Please use this identifier to cite or link to this item: https://www.um.edu.mt/library/oar/handle/123456789/113775
Title: On being moved : refugee perceptions of being relocated to Malta
Authors: Camilleri, Katrine
Falzon, Neil
Pisani, Maria
Keywords: Asylum, Right of -- Malta
Refugees -- Legal status, laws, etc. -- Malta
Social integration -- Malta
Issue Date: 2019
Publisher: Jesuit Refugee Service, aditus Foundation & Integra Foundation
Citation: Camilleri, K., Falzon, N., & Pisani M. (2019). On being moved : refugee perceptions of being relocated to Malta. Malta: Jesuit Refugee Service, aditus Foundation & Integra Foundation
Abstract: Malta’s 2017 participation in the European Union relocation scheme presented us with one of the first experiments at intra-EU relocation. Through this scheme, a number of asylum-seekers were relocated to Malta from Italy or Greece, as an expression of solidarity with these two Member States and an attempt to bolster efforts at solidarity in the field of asylum. We knew that the relocated asylum-seekers would be persons who, having spent a number of months or years living in difficult conditions, were offered the opportunity to travel to Malta as part of a regulated and structured process. We noted that, although they would be channelled through Malta’s ‘regular’ reception and asylum systems, they would nonetheless be experiencing these systems from a perspective different to that experienced by asylum-seekers reaching Malta through other means. Also, from an institutional perspective, this would be Malta’s first-time participation in a scheme as a receiving, and not sending, Member State. The EU relocation exercise attempted to address the unequal distribution of asylum seekers among EU countries, which in many ways is a consequence of EU and national laws and policies regulating asylum and migration. States’ exclusive focus on the protection of national interests has led to a drive to contain refugees at the EU’s external borders or its periphery, and to a lack of willingness to truly protect refugees and respect their fundamental human rights.
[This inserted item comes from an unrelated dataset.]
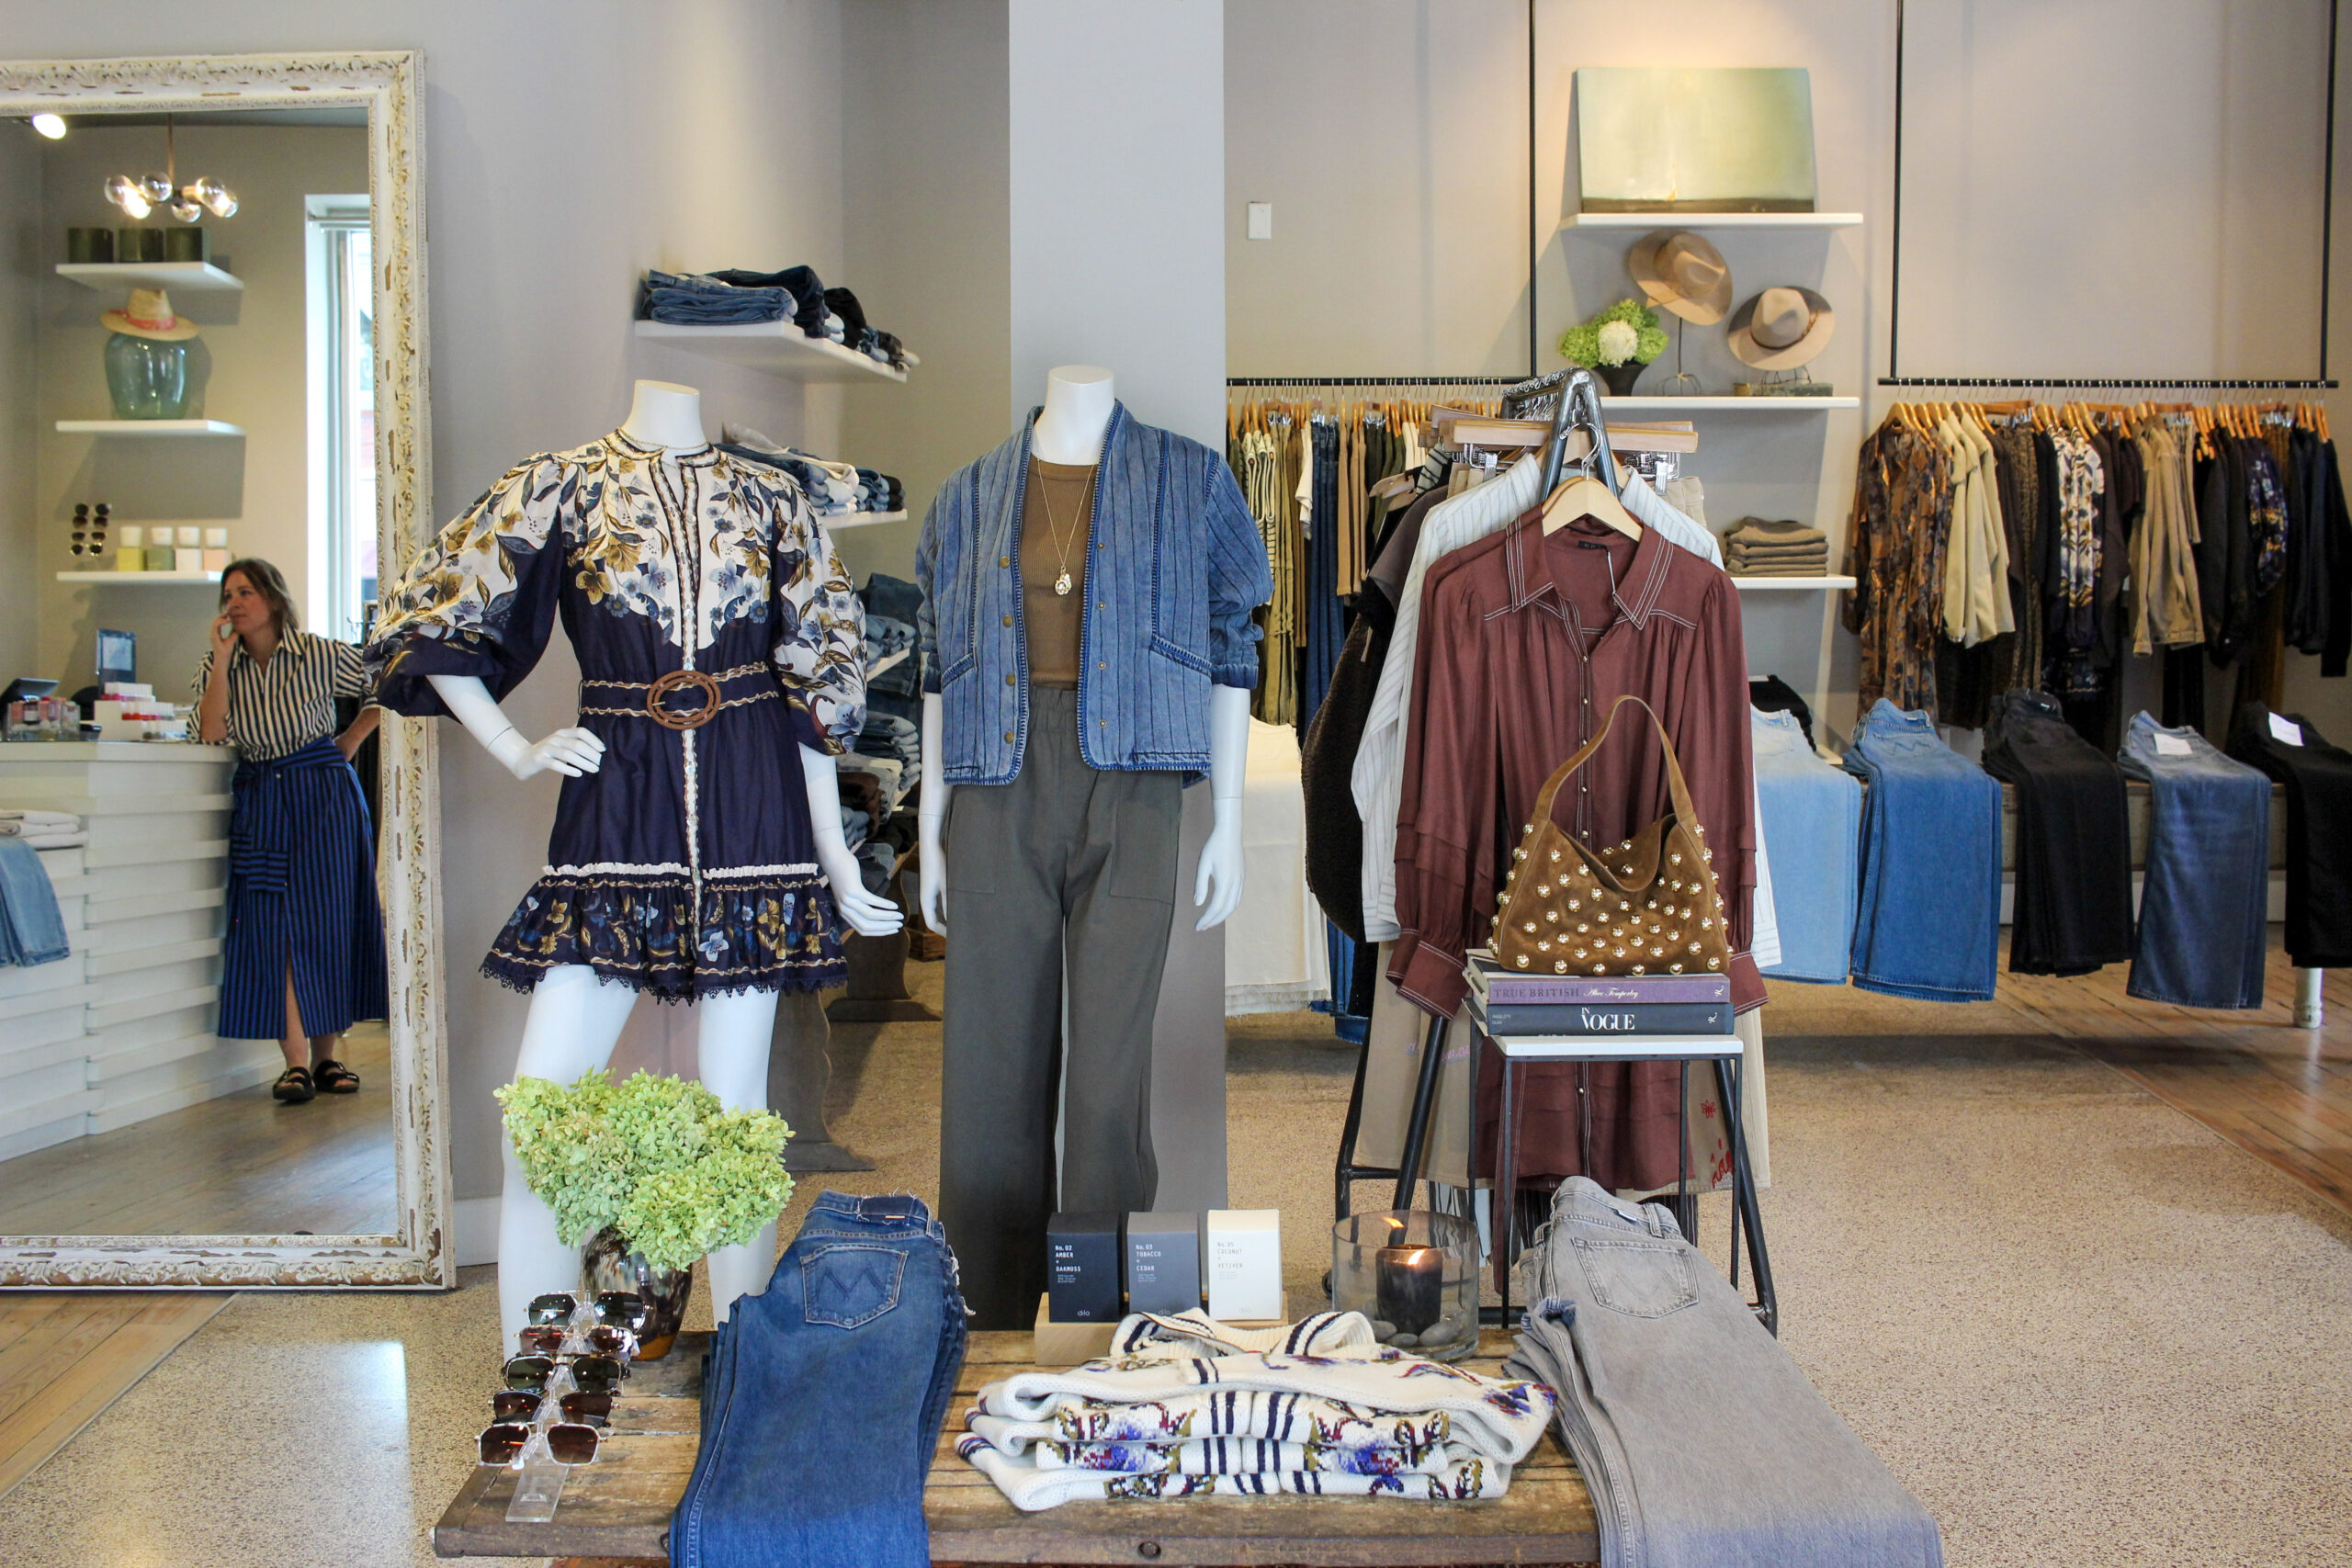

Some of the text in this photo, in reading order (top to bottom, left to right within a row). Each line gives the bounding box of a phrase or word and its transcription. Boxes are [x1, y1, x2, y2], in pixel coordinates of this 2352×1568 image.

[1494, 988, 1527, 998] TRUE
[1530, 987, 1579, 998] BRITISH
[1581, 1014, 1635, 1030] VOGUE
This being said, it is also true that in the past couple of years there have been some positive steps forward, such as an increase in integration initiatives at local level in various EU countries and some efforts to increase legal pathways for protection. However, unfortunately, these initiatives are often fragmented and, in our view, fall short of a concrete expression of genuine solidarity towards refugees and a commitment to offer them meaningful and effective protection as a Union. Possibly more worrying, we are seeing a resistance to assume responsibility for the care and well-being of asylum seekers, which has led to the lowering of protection standards, particularly in those areas where Member States have struggled to cope with large arrivals of refugees (see for example Squire et al, 2017).